ChatGPT specifically told Nelson it was safe to combine kratom, a supplement sold in drinks, pills and other products, with Xanax, a common anti-anxiety drug, the suit states.
"This is a heartbreaking situation, and our thoughts are with the family," OpenAI said in a statement to CBS News.
The company noted that Nelson used a version of ChatGPT that has been updated and is no longer public. "ChatGPT is not a substitute for medical or mental health care, and we have continued to strengthen how it responds in sensitive and acute situations with input from mental health experts," OpenAI said. "The safeguards in ChatGPT today are designed to identify distress, safely handle harmful requests and guide users to real-world help. This work is ongoing, and we continue to improve it in close consultation with clinicians."

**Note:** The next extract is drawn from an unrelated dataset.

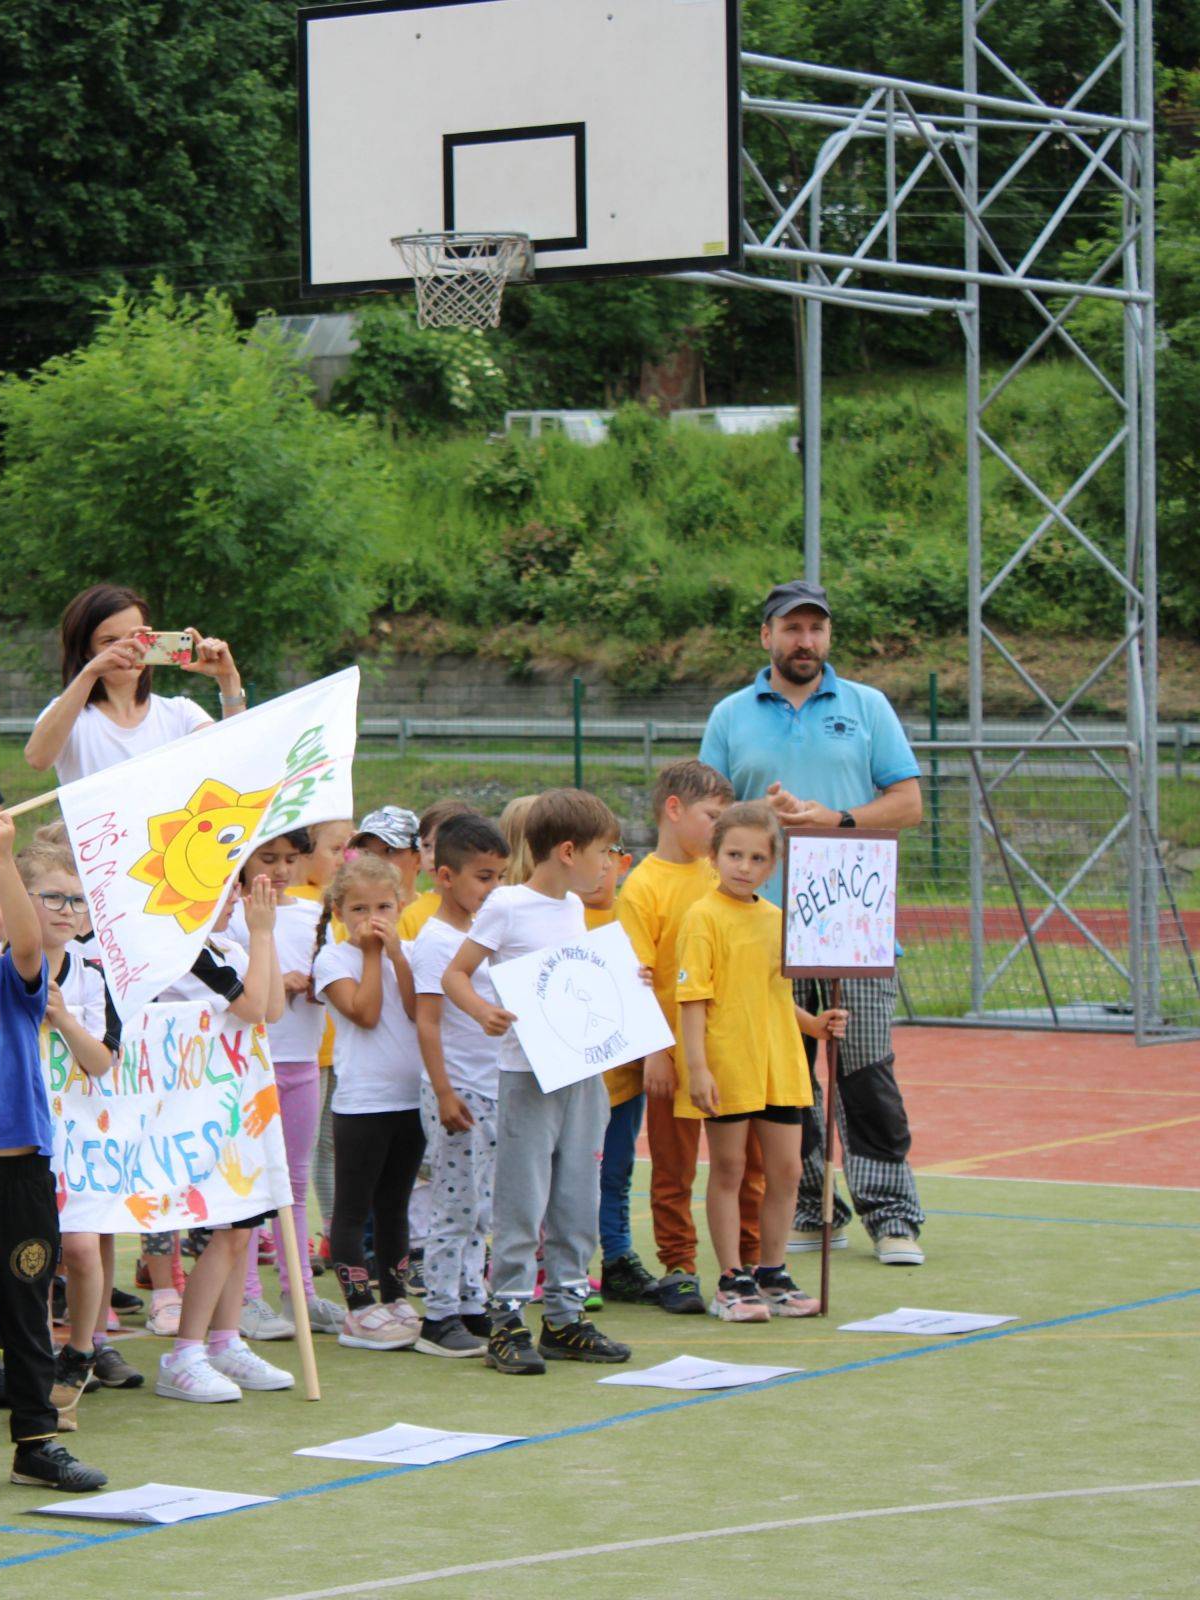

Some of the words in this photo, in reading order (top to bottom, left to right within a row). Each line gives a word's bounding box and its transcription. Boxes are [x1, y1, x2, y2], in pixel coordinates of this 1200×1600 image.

Turner-Scott told CBS News she knew her son used ChatGPT for productivity and homework. She did not know he sought drug guidance from it. The AI recommended a lethal mix of substances, she alleged, and holds OpenAI responsible for bypassing safety guards that could have prevented the tragedy.
"The chatbot is capable of stopping a conversation when it's told to or when it's programmed to. ...And they took away the programming that did that, and they allowed it to continue advising self-harm," Turner-Scott said.
Angus Scott said ChatGPT acted as a medical doctor with his stepson, despite lacking a license for medical advice. "It's providing information to the public about safety concerns, about drug interactions, about all of this information," he told CBS News.
Without proper safety protocols and testing, ChatGPT can dispense dangerous knowledge, Scott said. "It can start feeding psychosis. It can start misrepresenting things to people. And while it is trying to validate users, it's also undermining any chance that that user has to get a grounded opinion, you know, and so it kind of takes them away from reality," he added.
Turner-Scott said her son, who would have been a rising college sophomore, would back the family's effort to make AI chatbot makers accountable. "He would not want anyone else to be harmed like he was," she said.